Ce dernier a eu la partie relativement facile jusqu’ici. Son succès repose davantage sur l’impopularité du PLQ et du PQ que sur ses attraits propres.
Je comprends François Legault d’avoir voulu se concentrer sur un petit nombre de propositions prudentes. Mais à partir de maintenant, il sera interpellé sur tout. Il devra donc mettre plus de chair autour de l’os.
En se disant ni de gauche, ni de droite, ni souverainiste, ni fédéraliste, il offre une cible mouvante à ses adversaires, ce qui l’a bien servi à ce jour. Le même homme est traité de «souverainiste de gauche» par Jean Charest et de «fédéraliste de droite» par Pauline Marois.
Son parti est pourtant facile à classer, me semble-t-il. S’il est vrai qu’on peut être à gauche sur certains sujets et à droite sur d’autres, la trajectoire passée de ses principales figures, le rapprochement avec l’ADQ et l’accent mis sur la création de richesse et la performance accrue des services publics ne le classent certainement pas à gauche, en tout cas pas dans le sens que l’on donne traditionnellement à ces étiquettes au Québec.
Sur la question nationale, Monsieur Legault est encore plus facile à situer. À partir du moment où il dit espérer que le Québec devienne «un joueur qui contribue à la fédération» et admet qu’il ne se définit plus comme souverainiste, la cause est entendue.

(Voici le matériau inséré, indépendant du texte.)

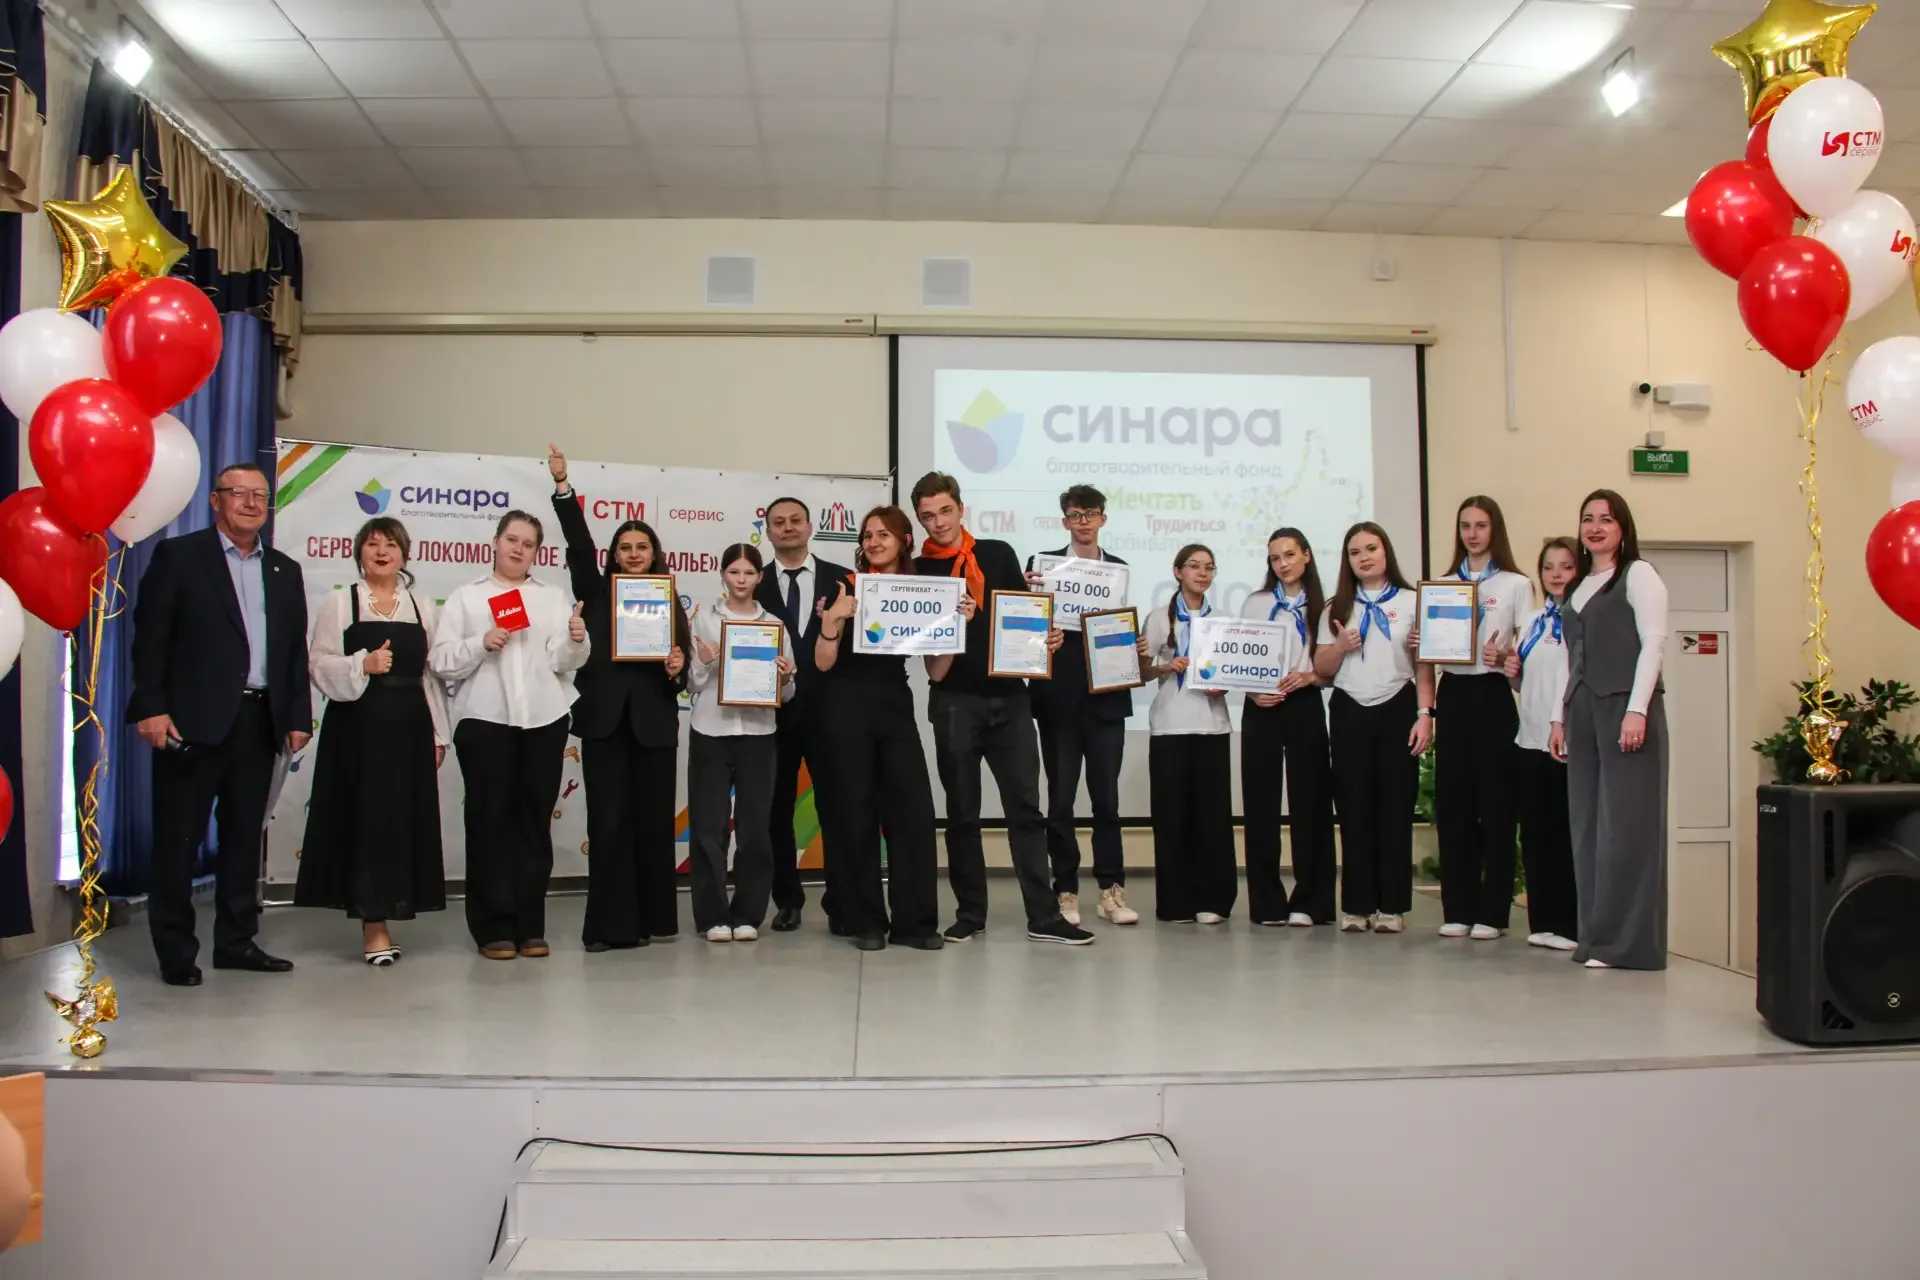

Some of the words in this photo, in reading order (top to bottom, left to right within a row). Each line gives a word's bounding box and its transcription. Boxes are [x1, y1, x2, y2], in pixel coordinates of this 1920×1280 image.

[1853, 131, 1882, 147] СТМ
[1043, 404, 1282, 457] синара
[1046, 457, 1230, 476] благотворительный
[1234, 459, 1284, 478] фонд
[400, 485, 510, 512] синара
[400, 508, 485, 521] благотворительный
[593, 499, 645, 521] СТМ
[669, 507, 725, 523] сервис
[978, 510, 1016, 533] СТМ
[1144, 514, 1226, 535] Трудиться
[1055, 580, 1081, 594] 150
[1084, 584, 1111, 599] 000
[880, 599, 909, 613] 200
[913, 601, 942, 615] 000
[1213, 641, 1238, 654] 100
[1242, 643, 1269, 656] 000
[1221, 664, 1279, 680] синара
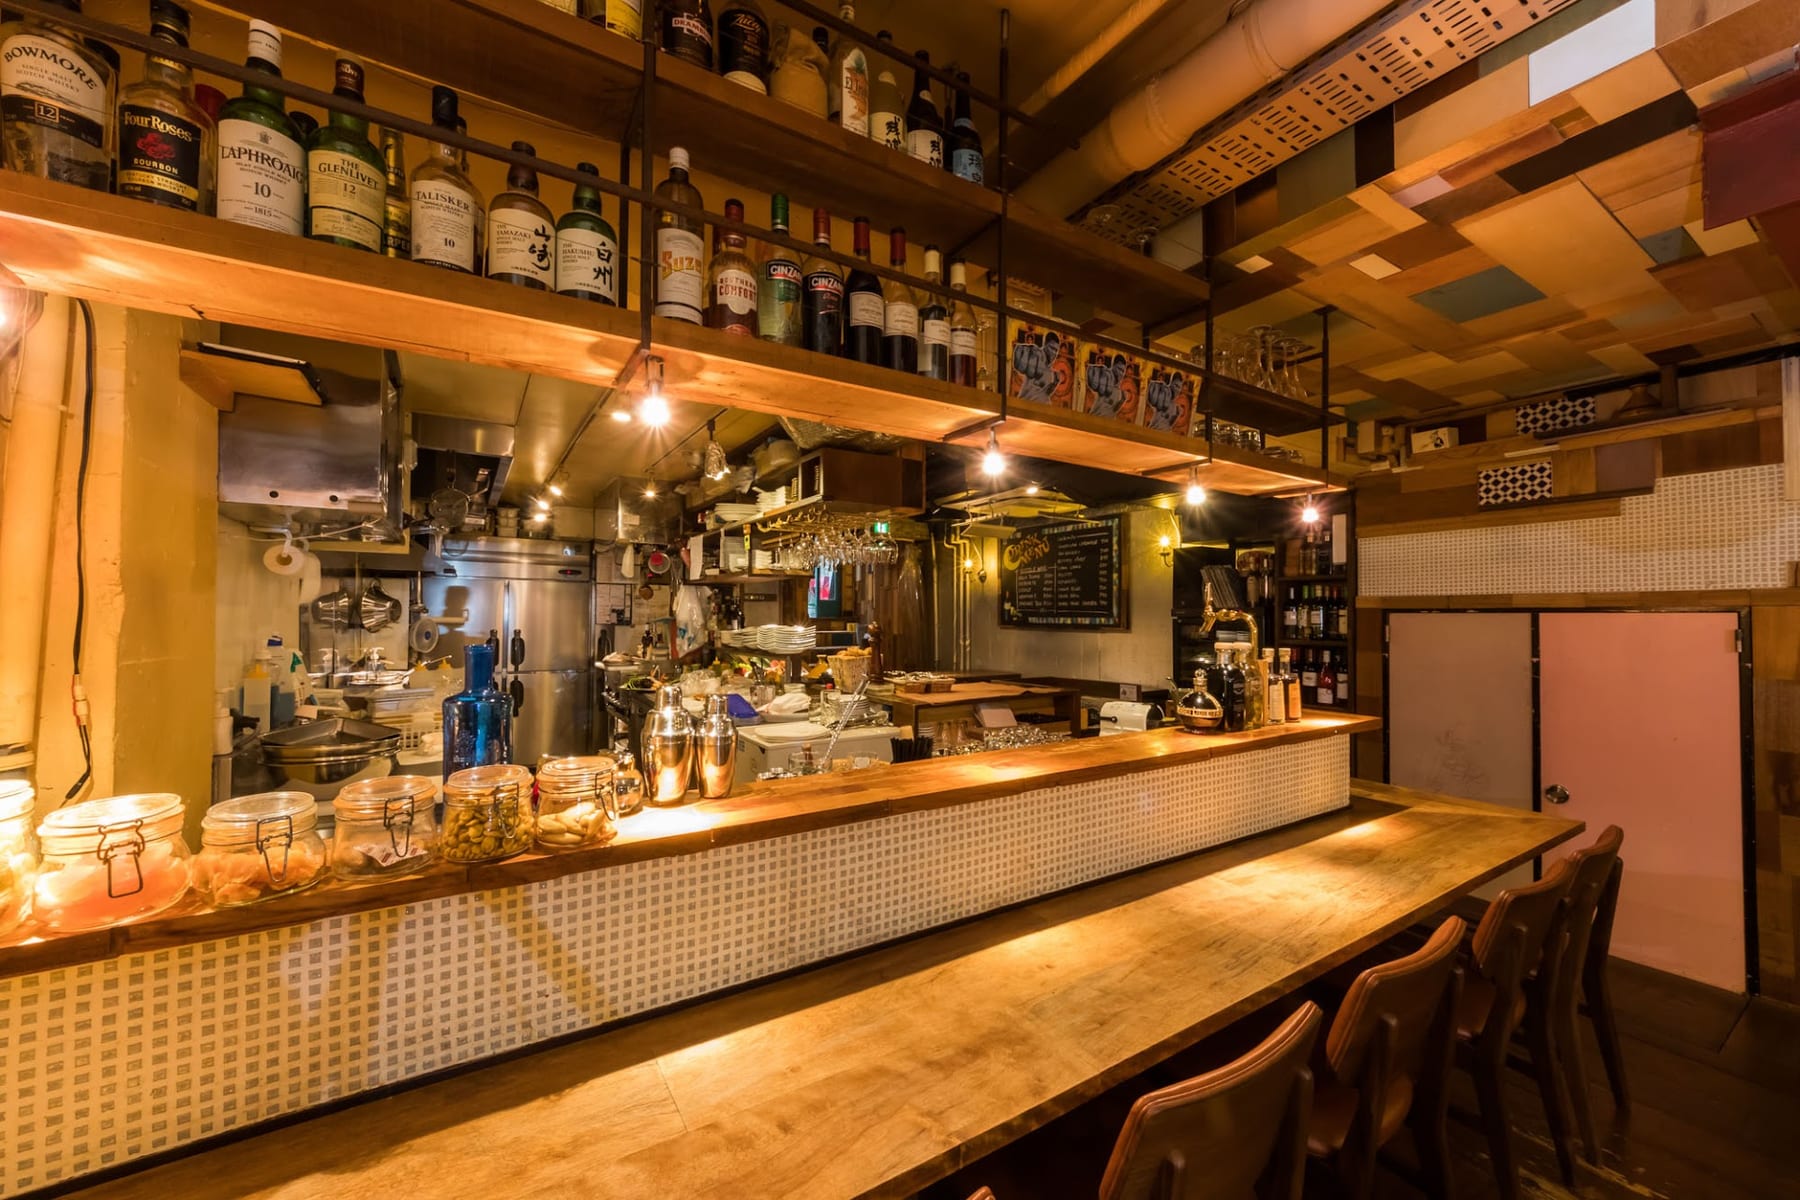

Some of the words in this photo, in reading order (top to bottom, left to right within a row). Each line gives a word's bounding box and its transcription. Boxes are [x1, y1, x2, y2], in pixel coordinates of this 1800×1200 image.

[4, 46, 97, 90] BOWMORE
[39, 105, 54, 119] 12
[124, 112, 151, 127] Four
[151, 115, 192, 142] Roses
[134, 158, 178, 174] BOURBON
[221, 146, 304, 185] LAPHROAIG
[341, 159, 360, 170] THE
[318, 162, 379, 190] GLENLIVET
[253, 182, 271, 198] 10
[343, 183, 356, 195] 12
[415, 190, 470, 212] TALISKER
[254, 206, 272, 218] 1815
[444, 237, 455, 248] 10
[593, 241, 613, 292] 白州
[770, 265, 802, 280] CINZAN
[719, 285, 757, 303] COMFORT

Monsieur Legault a parfaitement le droit de changer d’avis. Il se justifie cependant en disant que le peuple ne s’intéresse plus à la question nationale.
Ce n’est pas exact. Un récent sondage CROP-L’Actualité établissait que 70% des Québécois «veulent changer les rapports Québec-Canada», ce qui peut théoriquement se faire par le renouvellement du fédéralisme ou par la souveraineté. Seulement 15% des gens disent vouloir «ne rien changer». C’est comme ça depuis des années.
Qu’un sujet soit devenu moins prioritaire ne veut pas dire qu’il n’intéresse plus les gens ou qu’il ait perdu de son importance objective. Le fond de l’affaire est que les Québécois, tout en voulant des changements sur ce front, craignent une autre défaite référendaire ou un nouvel échec constitutionnel qui ferait encore reculer le Québec.
Nous n’aimons pas l’admettre, mais nous sommes collectivement habités par la peur de l’échec. Plutôt que de vouloir confronter le problème, on fait donc semblant qu’il n’existe plus. Comme dirait l’autre, on se met la tête dans l’autruche.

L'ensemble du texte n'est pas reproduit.